За сеткой полыхала вся палитра красок — там кипела бурная жизнь, попугаи раскачивались на качелях, кувыркались на трапециях, лазали по сетке, цепляясь за неё клювами и когтями. Один мощным клювом долбил ветку дерева. При этом их щебет, уханье, выкрики на разных языках и громкое хлопанье крыльями не стихали ни на минуту.
У задней стены птичника стояло шесть одиночных клеток, дверцы пяти были открыты, и ночные накидки сброшены. Отдельно стояла закрытая клетка с вышитой на накидке надписью «Чико».
— Кто такой Чико? — поинтересовался Квиллер. — Выселен в собачью конуру? Попал в немилость?
— Бедняжка умер три года назад, — пояснила Тельма. — А его клетку мы сохраняем как память об этой редкостной птице.
— Должен признать, занятная банда! — Квиллер легко представил себе, каково было Тельме, когда попугаев похитили.
Они попивали кофе, сидя в уютных соломенных креслах, и Квиллер вспомнил:
— В пятницу во «Всякой всячине» говорилось, что вы считаете амазонских попугаев необыкновенно умными и разговорчивыми и что ваши болтают на двух языках — английском и португальском. Чем можно объяснить способность птиц усваивать человеческую речь?

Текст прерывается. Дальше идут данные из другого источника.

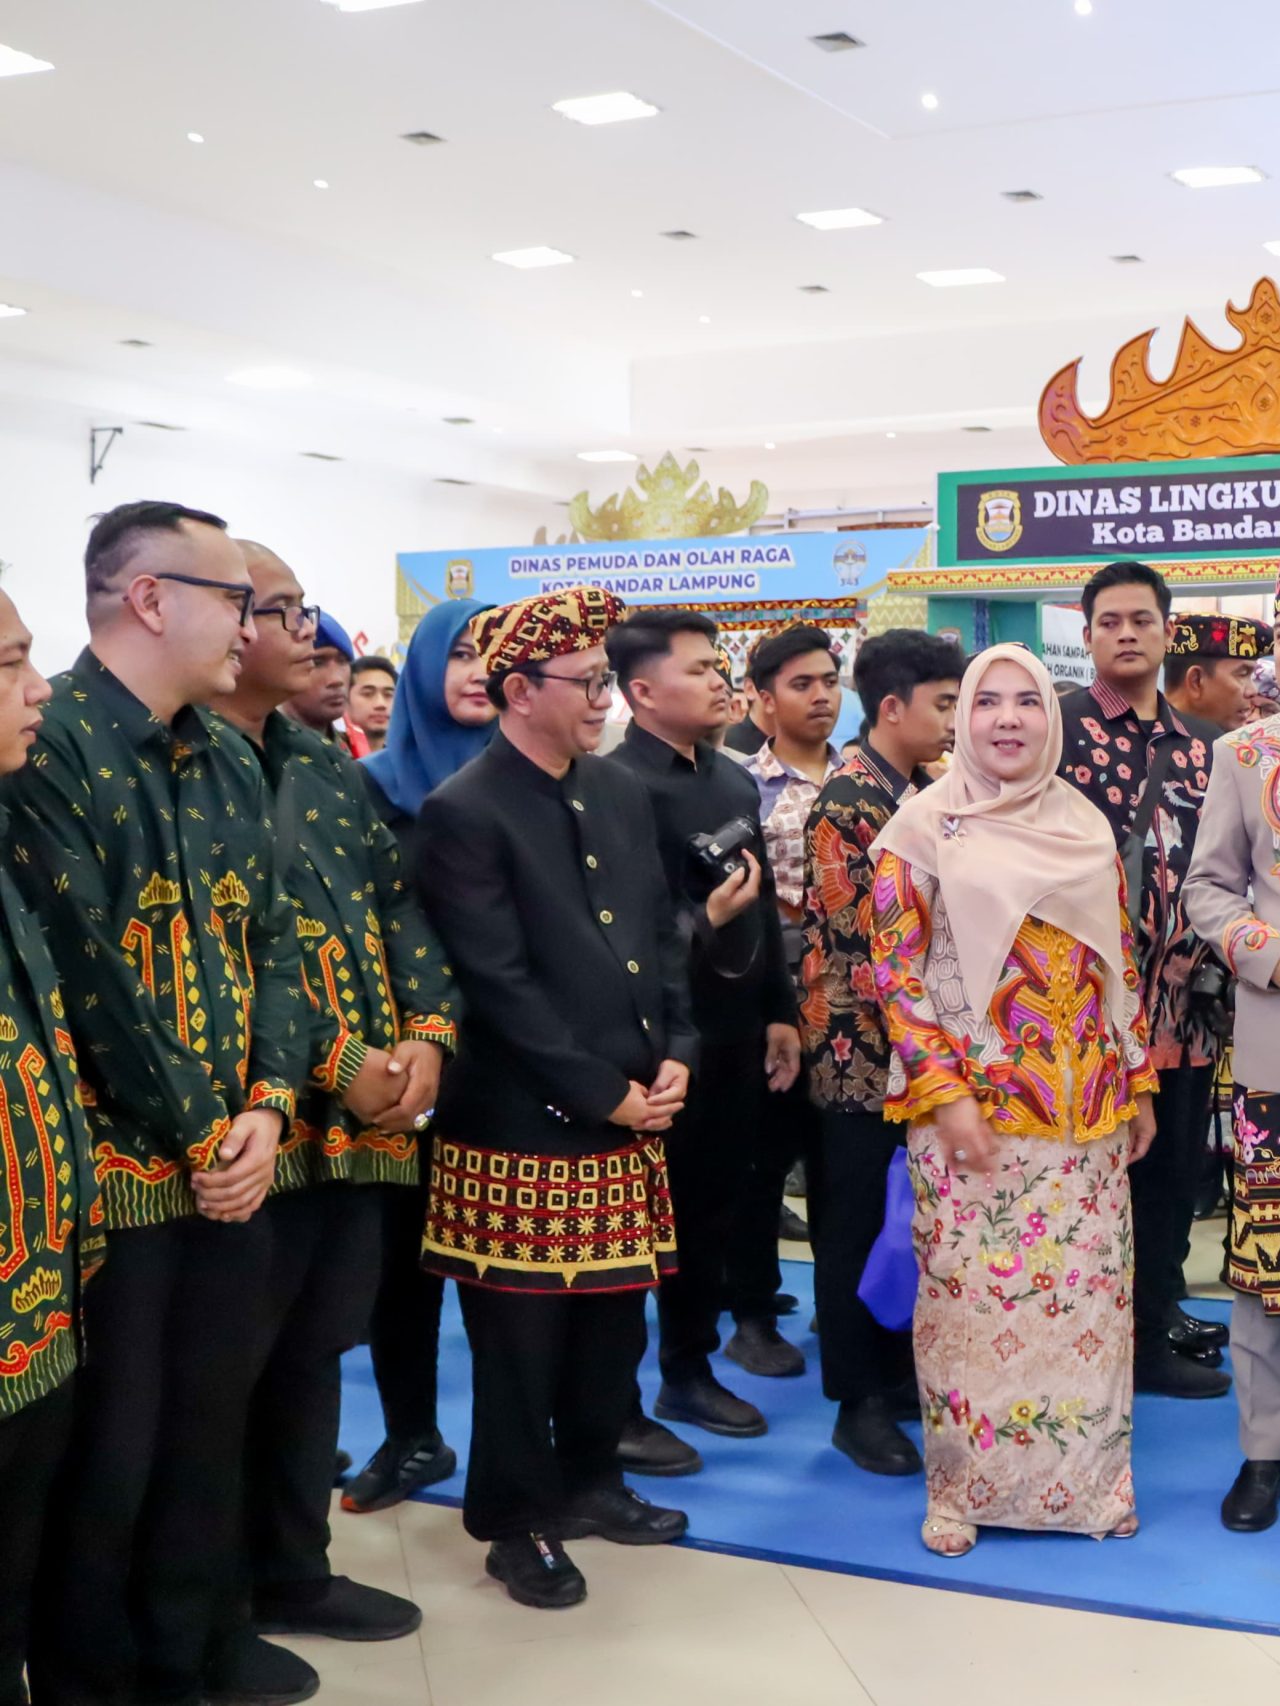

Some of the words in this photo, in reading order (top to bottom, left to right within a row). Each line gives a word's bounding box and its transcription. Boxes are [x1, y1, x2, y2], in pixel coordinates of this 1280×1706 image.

[1034, 485, 1142, 518] DINAS
[1093, 519, 1165, 545] Kota
[511, 558, 561, 573] DINAS
[567, 555, 638, 571] PEMUDA
[644, 552, 681, 567] DAN
[686, 550, 735, 566] OLAH
[741, 548, 791, 564] RAGA
[669, 574, 756, 591] LAMPUNG
[1054, 664, 1085, 679] ORGANIK
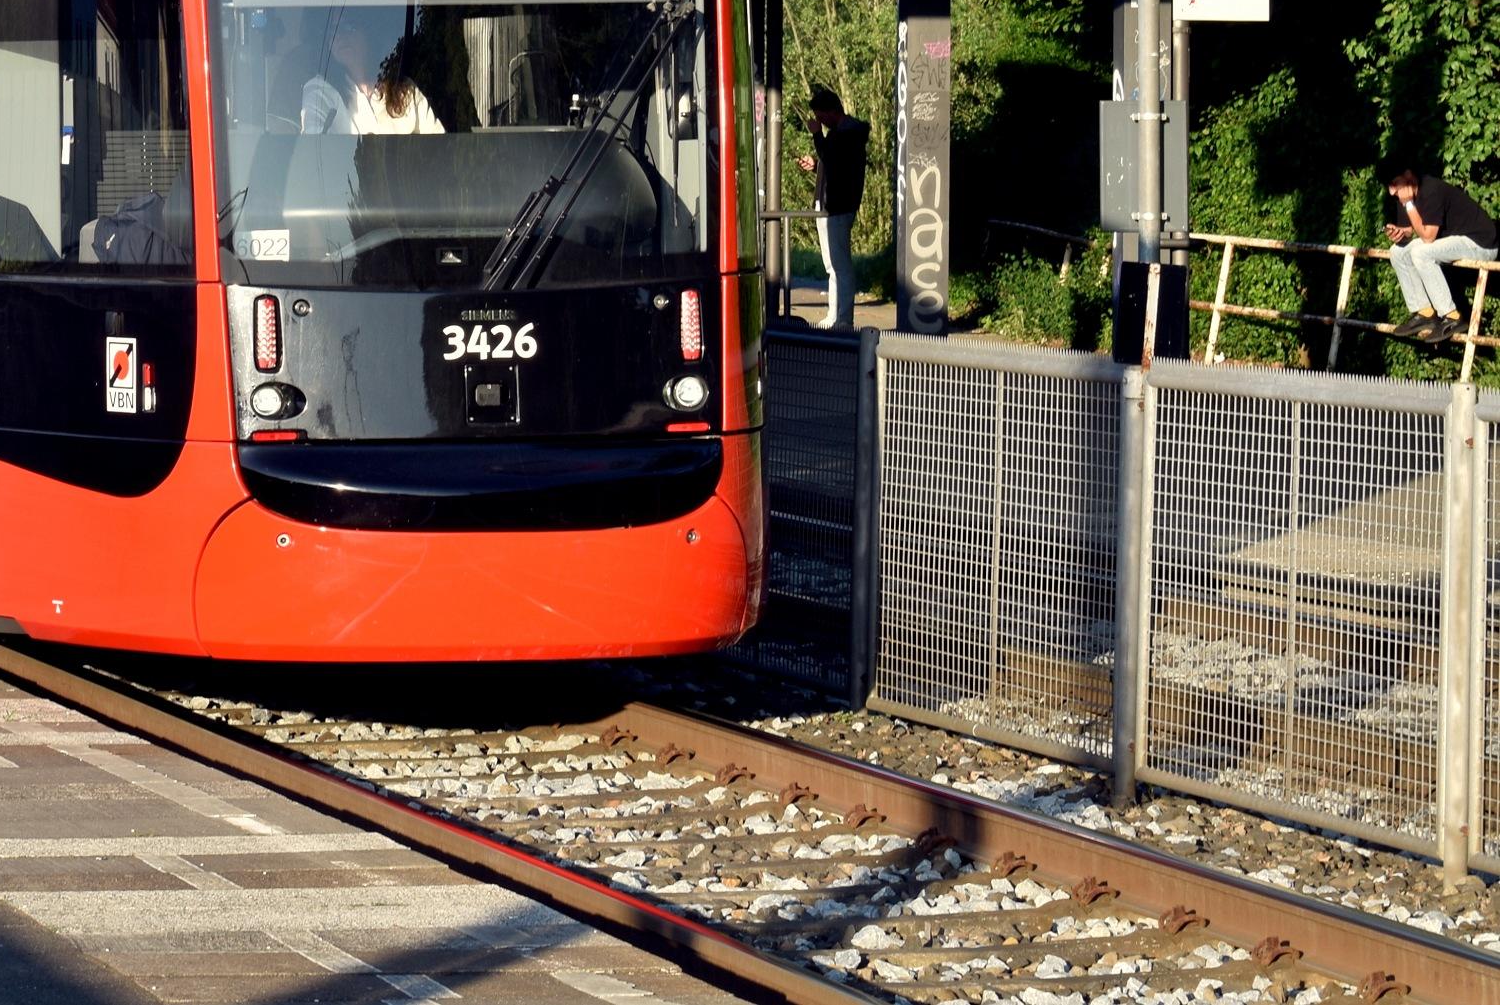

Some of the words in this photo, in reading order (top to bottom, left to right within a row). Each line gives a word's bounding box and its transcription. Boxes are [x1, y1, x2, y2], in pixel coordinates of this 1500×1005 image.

[238, 238, 289, 258] 6022
[443, 322, 538, 360] 3426
[109, 392, 134, 409] VBN

— Они подражают людям, с которыми живут, и всему, что их окружает, — детям, кошкам, собакам, голосам по телевизору. Вот Педро жил раньше в Огайо у профессора, так у него запас слов доходит до двухсот. И его хлебом не корми — дай порассуждать о политике. Вон этот Педро — тот, что долбит ветку.
— Ну и клювище! — восхитился Квиллер. — Не хотел бы я встретиться с ним в тёмном переулке.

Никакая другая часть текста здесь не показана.